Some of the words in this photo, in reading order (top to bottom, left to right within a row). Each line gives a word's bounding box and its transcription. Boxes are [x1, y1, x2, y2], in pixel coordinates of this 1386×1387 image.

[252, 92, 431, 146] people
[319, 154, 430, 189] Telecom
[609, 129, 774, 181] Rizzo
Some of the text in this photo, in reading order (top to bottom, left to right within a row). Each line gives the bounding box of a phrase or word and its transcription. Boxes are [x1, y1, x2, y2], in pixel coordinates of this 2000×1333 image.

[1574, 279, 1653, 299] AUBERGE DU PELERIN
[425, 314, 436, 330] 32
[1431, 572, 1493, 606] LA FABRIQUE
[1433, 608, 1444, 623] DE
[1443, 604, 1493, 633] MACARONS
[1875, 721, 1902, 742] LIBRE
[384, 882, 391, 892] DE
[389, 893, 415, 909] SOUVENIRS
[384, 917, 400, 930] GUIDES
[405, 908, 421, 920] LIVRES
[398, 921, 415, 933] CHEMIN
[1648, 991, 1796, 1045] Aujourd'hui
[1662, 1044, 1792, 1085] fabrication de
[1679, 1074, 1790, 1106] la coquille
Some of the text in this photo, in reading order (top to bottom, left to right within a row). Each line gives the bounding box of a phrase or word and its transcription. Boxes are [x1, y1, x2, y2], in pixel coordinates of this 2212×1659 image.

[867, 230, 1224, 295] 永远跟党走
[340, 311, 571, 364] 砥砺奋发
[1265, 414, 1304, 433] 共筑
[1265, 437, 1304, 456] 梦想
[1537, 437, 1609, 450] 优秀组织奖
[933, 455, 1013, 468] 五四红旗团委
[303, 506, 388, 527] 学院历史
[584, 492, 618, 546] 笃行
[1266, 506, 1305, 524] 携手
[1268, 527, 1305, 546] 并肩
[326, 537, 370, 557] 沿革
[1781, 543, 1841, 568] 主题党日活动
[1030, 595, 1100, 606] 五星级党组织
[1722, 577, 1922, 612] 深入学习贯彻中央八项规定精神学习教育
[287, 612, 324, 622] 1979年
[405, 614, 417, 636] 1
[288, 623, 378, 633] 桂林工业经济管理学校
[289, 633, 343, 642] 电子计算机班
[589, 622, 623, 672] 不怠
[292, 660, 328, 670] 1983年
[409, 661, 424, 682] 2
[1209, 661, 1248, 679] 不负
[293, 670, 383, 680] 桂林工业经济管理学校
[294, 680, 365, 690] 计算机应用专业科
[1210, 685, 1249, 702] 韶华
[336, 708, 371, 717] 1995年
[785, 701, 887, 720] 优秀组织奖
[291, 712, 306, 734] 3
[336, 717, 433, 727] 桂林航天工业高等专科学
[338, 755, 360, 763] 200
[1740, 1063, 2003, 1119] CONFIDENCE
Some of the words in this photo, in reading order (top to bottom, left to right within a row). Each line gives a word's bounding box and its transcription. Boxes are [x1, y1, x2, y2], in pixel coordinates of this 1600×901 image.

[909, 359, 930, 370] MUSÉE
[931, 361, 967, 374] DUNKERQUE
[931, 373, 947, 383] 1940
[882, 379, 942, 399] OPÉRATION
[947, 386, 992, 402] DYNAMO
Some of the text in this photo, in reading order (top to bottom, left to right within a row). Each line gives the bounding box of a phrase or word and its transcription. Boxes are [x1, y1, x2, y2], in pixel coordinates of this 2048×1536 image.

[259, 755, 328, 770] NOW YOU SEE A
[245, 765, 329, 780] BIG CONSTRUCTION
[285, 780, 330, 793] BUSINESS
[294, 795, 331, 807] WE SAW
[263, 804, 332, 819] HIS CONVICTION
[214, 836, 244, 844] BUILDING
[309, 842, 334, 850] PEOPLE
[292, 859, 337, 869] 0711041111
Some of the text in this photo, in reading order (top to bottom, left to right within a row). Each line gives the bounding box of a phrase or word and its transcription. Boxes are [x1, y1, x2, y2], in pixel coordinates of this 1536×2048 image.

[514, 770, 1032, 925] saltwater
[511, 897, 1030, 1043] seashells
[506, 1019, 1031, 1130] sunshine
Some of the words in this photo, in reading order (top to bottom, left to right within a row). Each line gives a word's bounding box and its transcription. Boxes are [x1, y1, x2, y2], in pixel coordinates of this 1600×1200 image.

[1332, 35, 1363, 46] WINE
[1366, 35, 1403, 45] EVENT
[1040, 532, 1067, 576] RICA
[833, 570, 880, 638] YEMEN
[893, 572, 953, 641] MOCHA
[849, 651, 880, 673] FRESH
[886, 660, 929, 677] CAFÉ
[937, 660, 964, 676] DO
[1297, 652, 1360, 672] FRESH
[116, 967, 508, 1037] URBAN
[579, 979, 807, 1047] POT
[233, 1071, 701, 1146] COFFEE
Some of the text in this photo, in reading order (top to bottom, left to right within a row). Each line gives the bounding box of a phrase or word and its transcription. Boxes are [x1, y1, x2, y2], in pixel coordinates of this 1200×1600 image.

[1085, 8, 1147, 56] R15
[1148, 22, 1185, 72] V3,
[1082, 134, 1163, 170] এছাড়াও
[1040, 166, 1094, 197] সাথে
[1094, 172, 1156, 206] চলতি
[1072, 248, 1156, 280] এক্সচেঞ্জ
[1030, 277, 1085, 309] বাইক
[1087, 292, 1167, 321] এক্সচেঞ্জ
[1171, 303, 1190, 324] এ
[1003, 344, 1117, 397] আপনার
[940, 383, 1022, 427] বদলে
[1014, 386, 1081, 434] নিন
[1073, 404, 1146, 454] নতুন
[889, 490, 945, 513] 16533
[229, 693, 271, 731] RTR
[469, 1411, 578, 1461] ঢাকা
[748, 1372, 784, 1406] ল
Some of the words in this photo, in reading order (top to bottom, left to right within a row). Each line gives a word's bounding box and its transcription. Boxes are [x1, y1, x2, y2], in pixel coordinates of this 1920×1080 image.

## WORK INSTRUCTIONS
Please set down each line of the records exactly as given.

## OUTPUT FOR THIS EXERCISE
Some of the words in this photo, in reading order (top to bottom, left to right within a row). Each line gives a word's bounding box and its transcription. Boxes are [x1, y1, x2, y2], in pixel coordinates of this 1386×1387 image.

[252, 92, 431, 146] people
[319, 154, 430, 189] Telecom
[609, 129, 774, 181] Rizzo
Some of the text in this photo, in reading order (top to bottom, left to right within a row). Each line gives the bounding box of a phrase or word and its transcription. Boxes are [x1, y1, x2, y2], in pixel coordinates of this 2000×1333 image.

[1574, 279, 1653, 299] AUBERGE DU PELERIN
[425, 314, 436, 330] 32
[1431, 572, 1493, 606] LA FABRIQUE
[1433, 608, 1444, 623] DE
[1443, 604, 1493, 633] MACARONS
[1875, 721, 1902, 742] LIBRE
[384, 882, 391, 892] DE
[389, 893, 415, 909] SOUVENIRS
[384, 917, 400, 930] GUIDES
[405, 908, 421, 920] LIVRES
[398, 921, 415, 933] CHEMIN
[1648, 991, 1796, 1045] Aujourd'hui
[1662, 1044, 1792, 1085] fabrication de
[1679, 1074, 1790, 1106] la coquille
Some of the text in this photo, in reading order (top to bottom, left to right within a row). Each line gives the bounding box of a phrase or word and its transcription. Boxes are [x1, y1, x2, y2], in pixel coordinates of this 2212×1659 image.

[867, 230, 1224, 295] 永远跟党走
[340, 311, 571, 364] 砥砺奋发
[1265, 414, 1304, 433] 共筑
[1265, 437, 1304, 456] 梦想
[1537, 437, 1609, 450] 优秀组织奖
[933, 455, 1013, 468] 五四红旗团委
[303, 506, 388, 527] 学院历史
[584, 492, 618, 546] 笃行
[1266, 506, 1305, 524] 携手
[1268, 527, 1305, 546] 并肩
[326, 537, 370, 557] 沿革
[1781, 543, 1841, 568] 主题党日活动
[1030, 595, 1100, 606] 五星级党组织
[1722, 577, 1922, 612] 深入学习贯彻中央八项规定精神学习教育
[287, 612, 324, 622] 1979年
[405, 614, 417, 636] 1
[288, 623, 378, 633] 桂林工业经济管理学校
[289, 633, 343, 642] 电子计算机班
[589, 622, 623, 672] 不怠
[292, 660, 328, 670] 1983年
[409, 661, 424, 682] 2
[1209, 661, 1248, 679] 不负
[293, 670, 383, 680] 桂林工业经济管理学校
[294, 680, 365, 690] 计算机应用专业科
[1210, 685, 1249, 702] 韶华
[336, 708, 371, 717] 1995年
[785, 701, 887, 720] 优秀组织奖
[291, 712, 306, 734] 3
[336, 717, 433, 727] 桂林航天工业高等专科学
[338, 755, 360, 763] 200
[1740, 1063, 2003, 1119] CONFIDENCE
Some of the words in this photo, in reading order (top to bottom, left to right within a row). Each line gives a word's bounding box and its transcription. Boxes are [x1, y1, x2, y2], in pixel coordinates of this 1600×901 image.

[909, 359, 930, 370] MUSÉE
[931, 361, 967, 374] DUNKERQUE
[931, 373, 947, 383] 1940
[882, 379, 942, 399] OPÉRATION
[947, 386, 992, 402] DYNAMO
Some of the text in this photo, in reading order (top to bottom, left to right within a row). Each line gives the bounding box of a phrase or word and its transcription. Boxes are [x1, y1, x2, y2], in pixel coordinates of this 2048×1536 image.

[259, 755, 328, 770] NOW YOU SEE A
[245, 765, 329, 780] BIG CONSTRUCTION
[285, 780, 330, 793] BUSINESS
[294, 795, 331, 807] WE SAW
[263, 804, 332, 819] HIS CONVICTION
[214, 836, 244, 844] BUILDING
[309, 842, 334, 850] PEOPLE
[292, 859, 337, 869] 0711041111
Some of the text in this photo, in reading order (top to bottom, left to right within a row). Each line gives the bounding box of a phrase or word and its transcription. Boxes are [x1, y1, x2, y2], in pixel coordinates of this 1536×2048 image.

[514, 770, 1032, 925] saltwater
[511, 897, 1030, 1043] seashells
[506, 1019, 1031, 1130] sunshine
Some of the words in this photo, in reading order (top to bottom, left to right within a row). Each line gives a word's bounding box and its transcription. Boxes are [x1, y1, x2, y2], in pixel coordinates of this 1600×1200 image.

[1332, 35, 1363, 46] WINE
[1366, 35, 1403, 45] EVENT
[1040, 532, 1067, 576] RICA
[833, 570, 880, 638] YEMEN
[893, 572, 953, 641] MOCHA
[849, 651, 880, 673] FRESH
[886, 660, 929, 677] CAFÉ
[937, 660, 964, 676] DO
[1297, 652, 1360, 672] FRESH
[116, 967, 508, 1037] URBAN
[579, 979, 807, 1047] POT
[233, 1071, 701, 1146] COFFEE
Some of the text in this photo, in reading order (top to bottom, left to right within a row). Each line gives the bounding box of a phrase or word and its transcription. Boxes are [x1, y1, x2, y2], in pixel coordinates of this 1200×1600 image.

[1085, 8, 1147, 56] R15
[1148, 22, 1185, 72] V3,
[1082, 134, 1163, 170] এছাড়াও
[1040, 166, 1094, 197] সাথে
[1094, 172, 1156, 206] চলতি
[1072, 248, 1156, 280] এক্সচেঞ্জ
[1030, 277, 1085, 309] বাইক
[1087, 292, 1167, 321] এক্সচেঞ্জ
[1171, 303, 1190, 324] এ
[1003, 344, 1117, 397] আপনার
[940, 383, 1022, 427] বদলে
[1014, 386, 1081, 434] নিন
[1073, 404, 1146, 454] নতুন
[889, 490, 945, 513] 16533
[229, 693, 271, 731] RTR
[469, 1411, 578, 1461] ঢাকা
[748, 1372, 784, 1406] ল
Some of the words in this photo, in reading order (top to bottom, left to right within a row). Each line gives a word's bounding box and its transcription. Boxes are [x1, y1, x2, y2], in pixel coordinates of this 1920×1080 image.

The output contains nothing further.